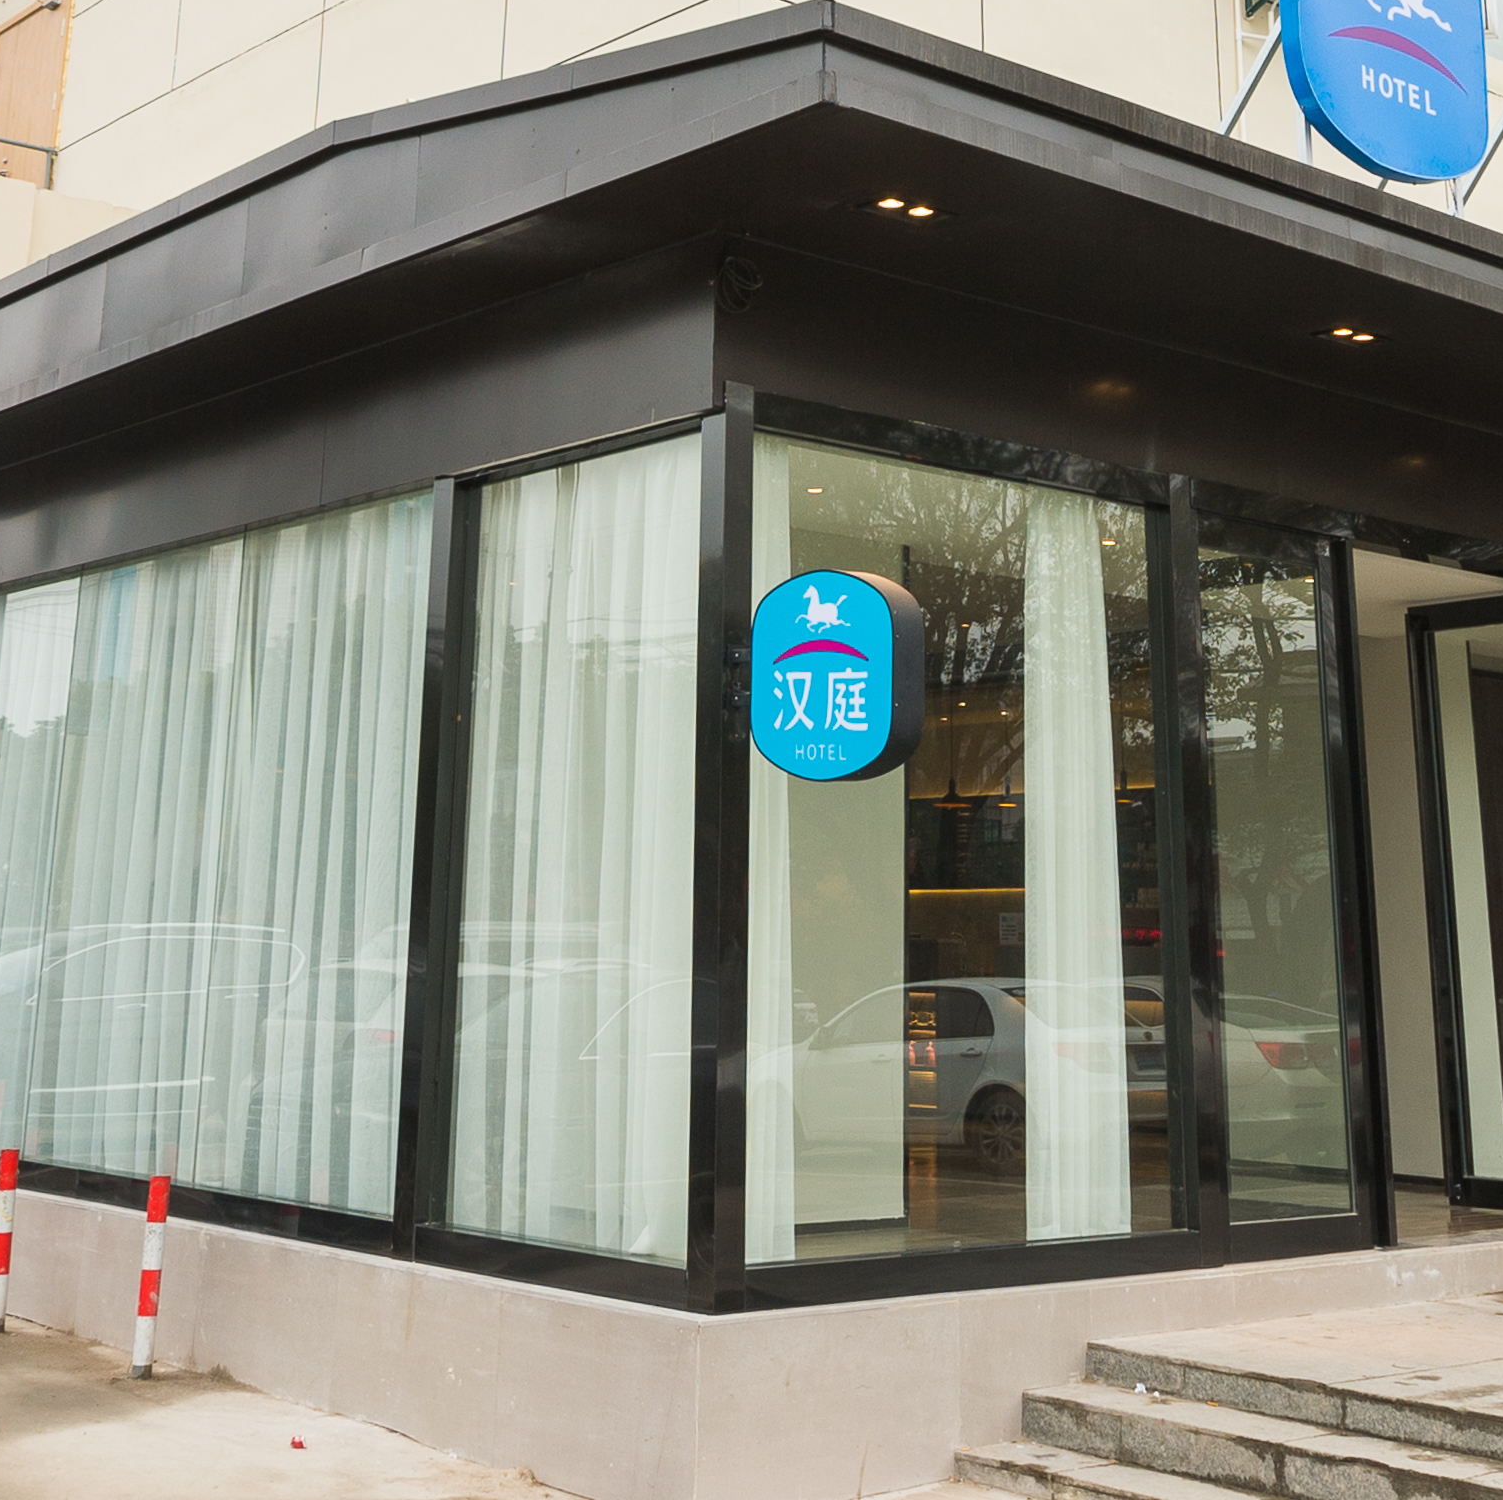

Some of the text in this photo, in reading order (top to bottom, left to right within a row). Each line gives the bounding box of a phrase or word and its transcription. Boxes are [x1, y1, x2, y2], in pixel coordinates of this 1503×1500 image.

[1361, 64, 1438, 116] HOTEL
[773, 667, 869, 732] 汉庭
[795, 743, 847, 761] HOTEL
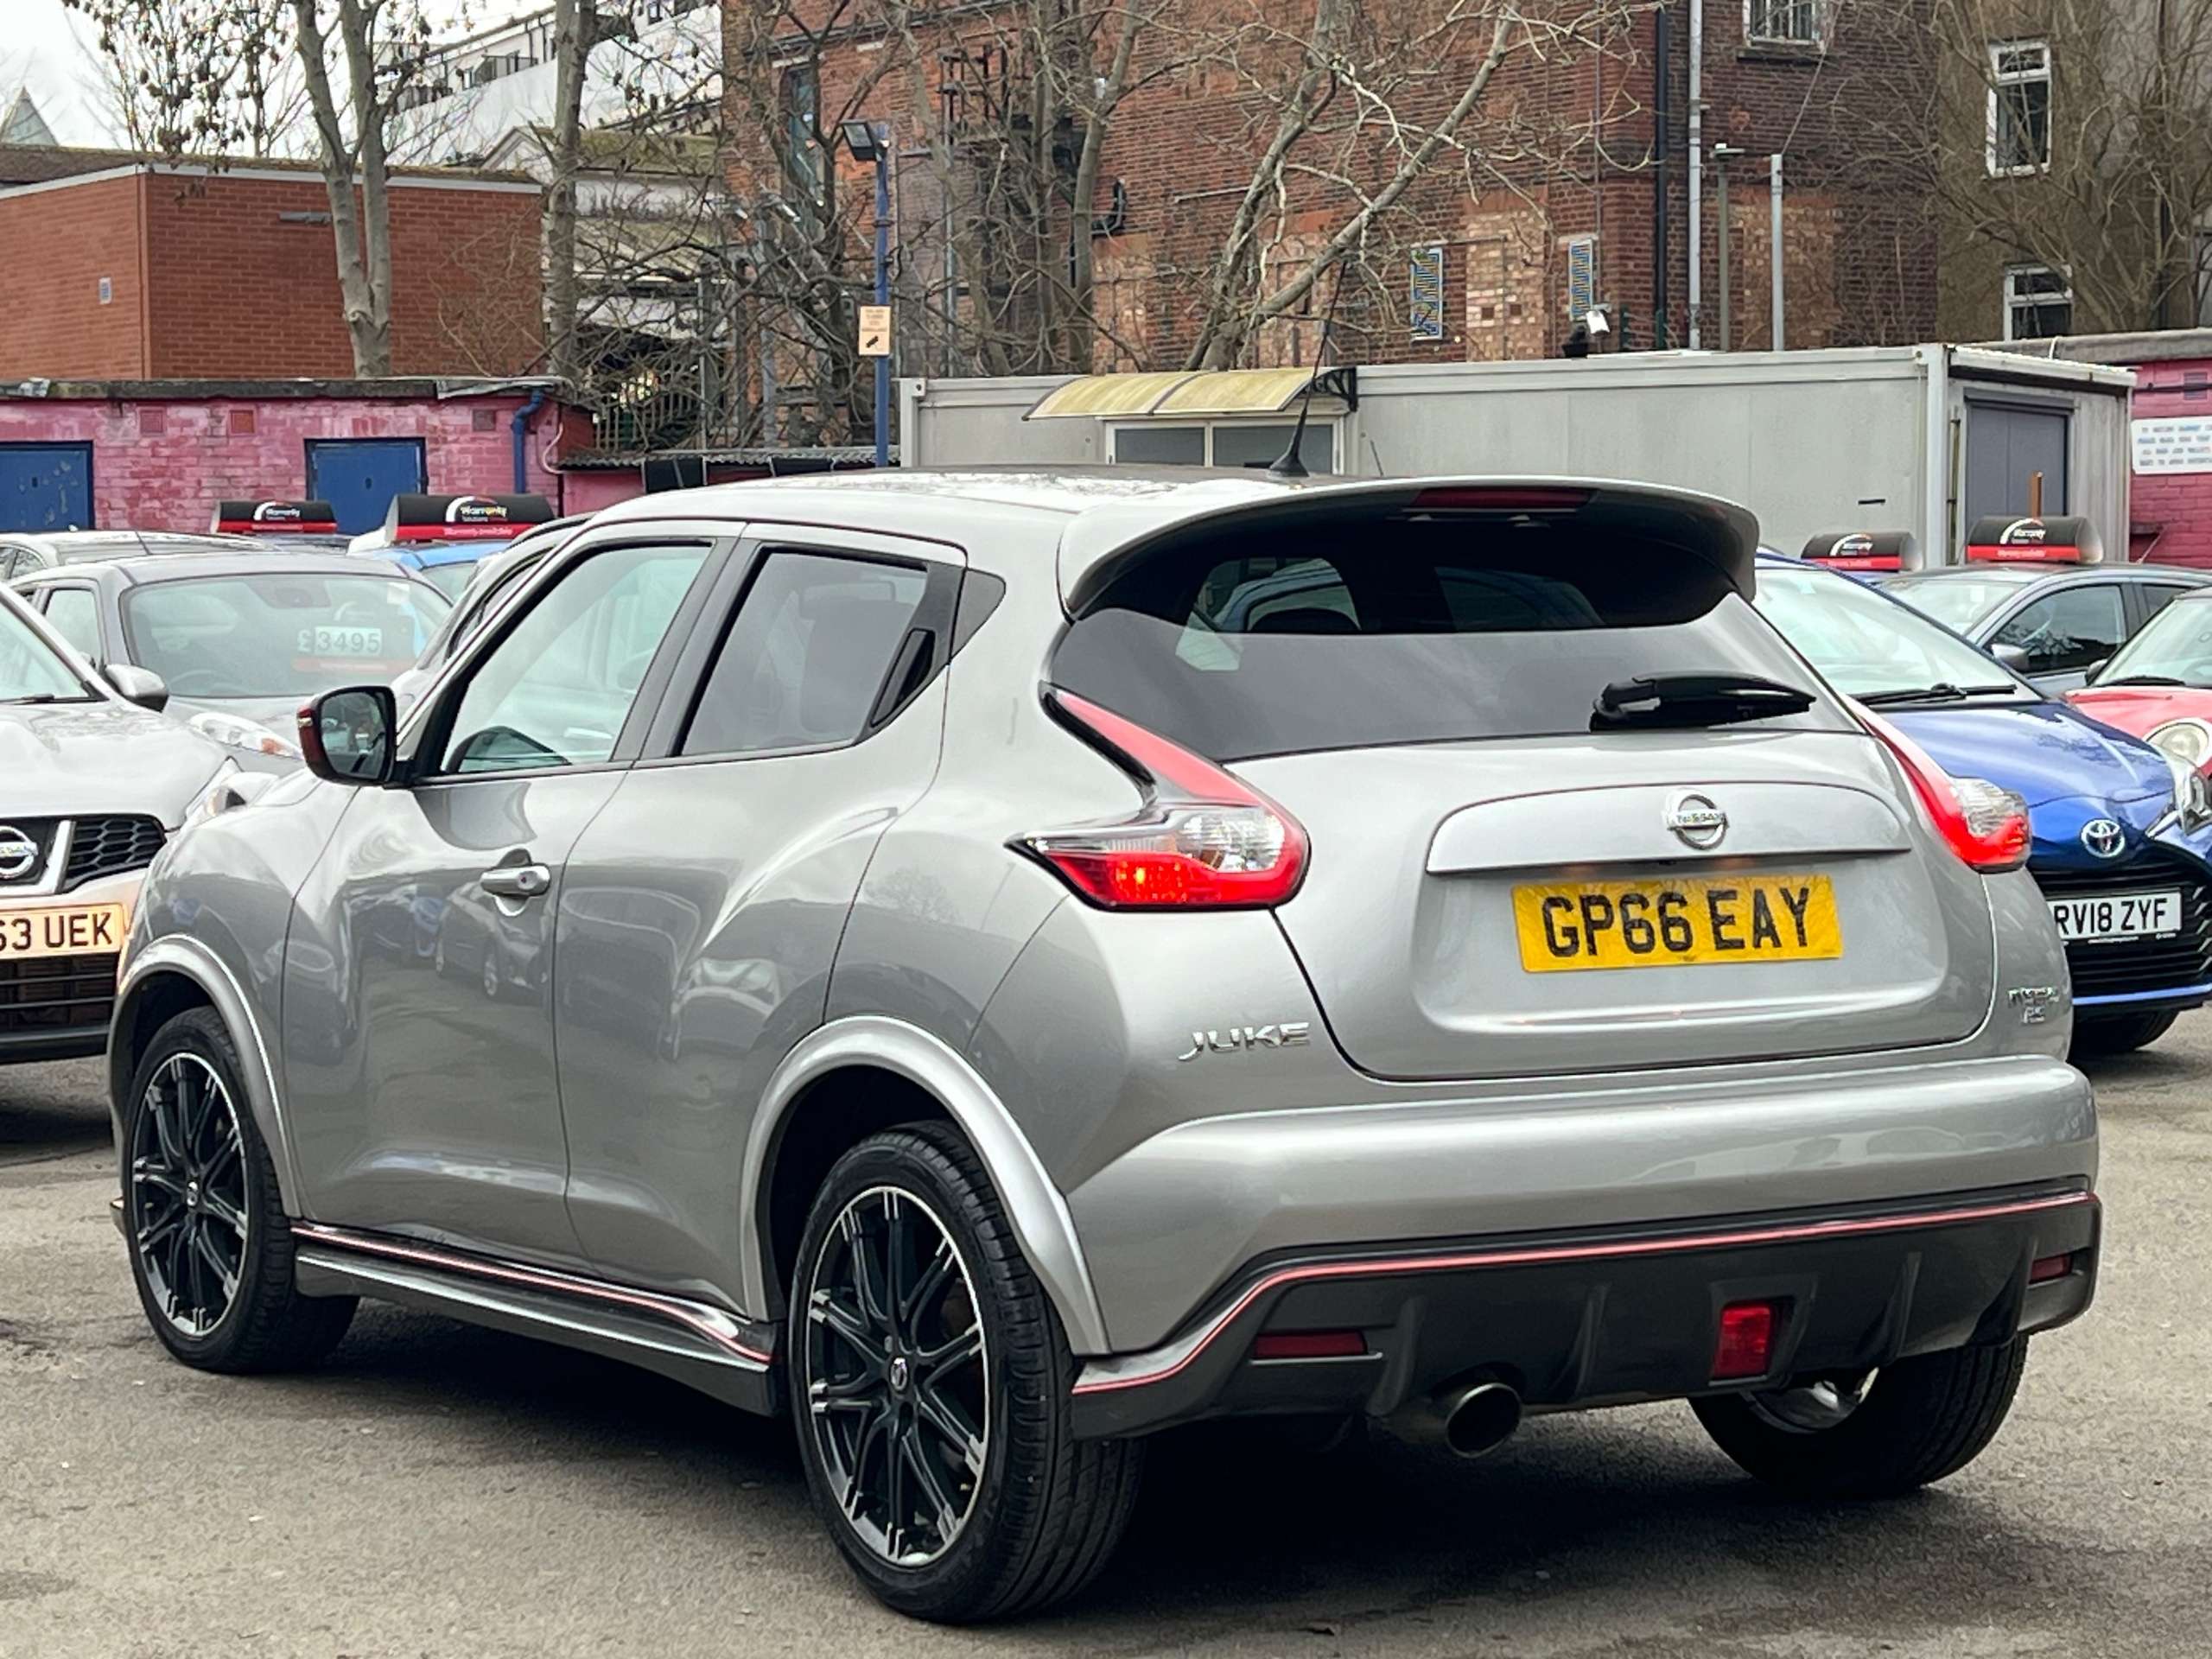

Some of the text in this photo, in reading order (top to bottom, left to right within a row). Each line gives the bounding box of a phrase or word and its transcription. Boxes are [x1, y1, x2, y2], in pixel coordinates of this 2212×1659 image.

[297, 629, 381, 654] £3495
[44, 912, 112, 948] UEK
[1541, 887, 1810, 958] GP66 EAY
[2054, 898, 2168, 935] RV18 ZYF
[1178, 1022, 1310, 1062] JUKE
○ ○ ○
Task to complete>
Reproduce the material exactly; keep pictures out.

Answer to this task>
Some of the text in this photo, in reading order (top to bottom, left to right within a row). Each line gives the bounding box of a phrase or word and its transcription. Boxes are [x1, y1, x2, y2], in pixel coordinates of this 1503×1500 image.

[1361, 64, 1438, 116] HOTEL
[773, 667, 869, 732] 汉庭
[795, 743, 847, 761] HOTEL

Some of the text in this photo, in reading order (top to bottom, left to right within a row). Each line gives the bounding box of a phrase or word and its transcription. Boxes are [x1, y1, x2, y2], in pixel coordinates of this 2212×1659 image.

[297, 629, 381, 654] £3495
[44, 912, 112, 948] UEK
[1541, 887, 1810, 958] GP66 EAY
[2054, 898, 2168, 935] RV18 ZYF
[1178, 1022, 1310, 1062] JUKE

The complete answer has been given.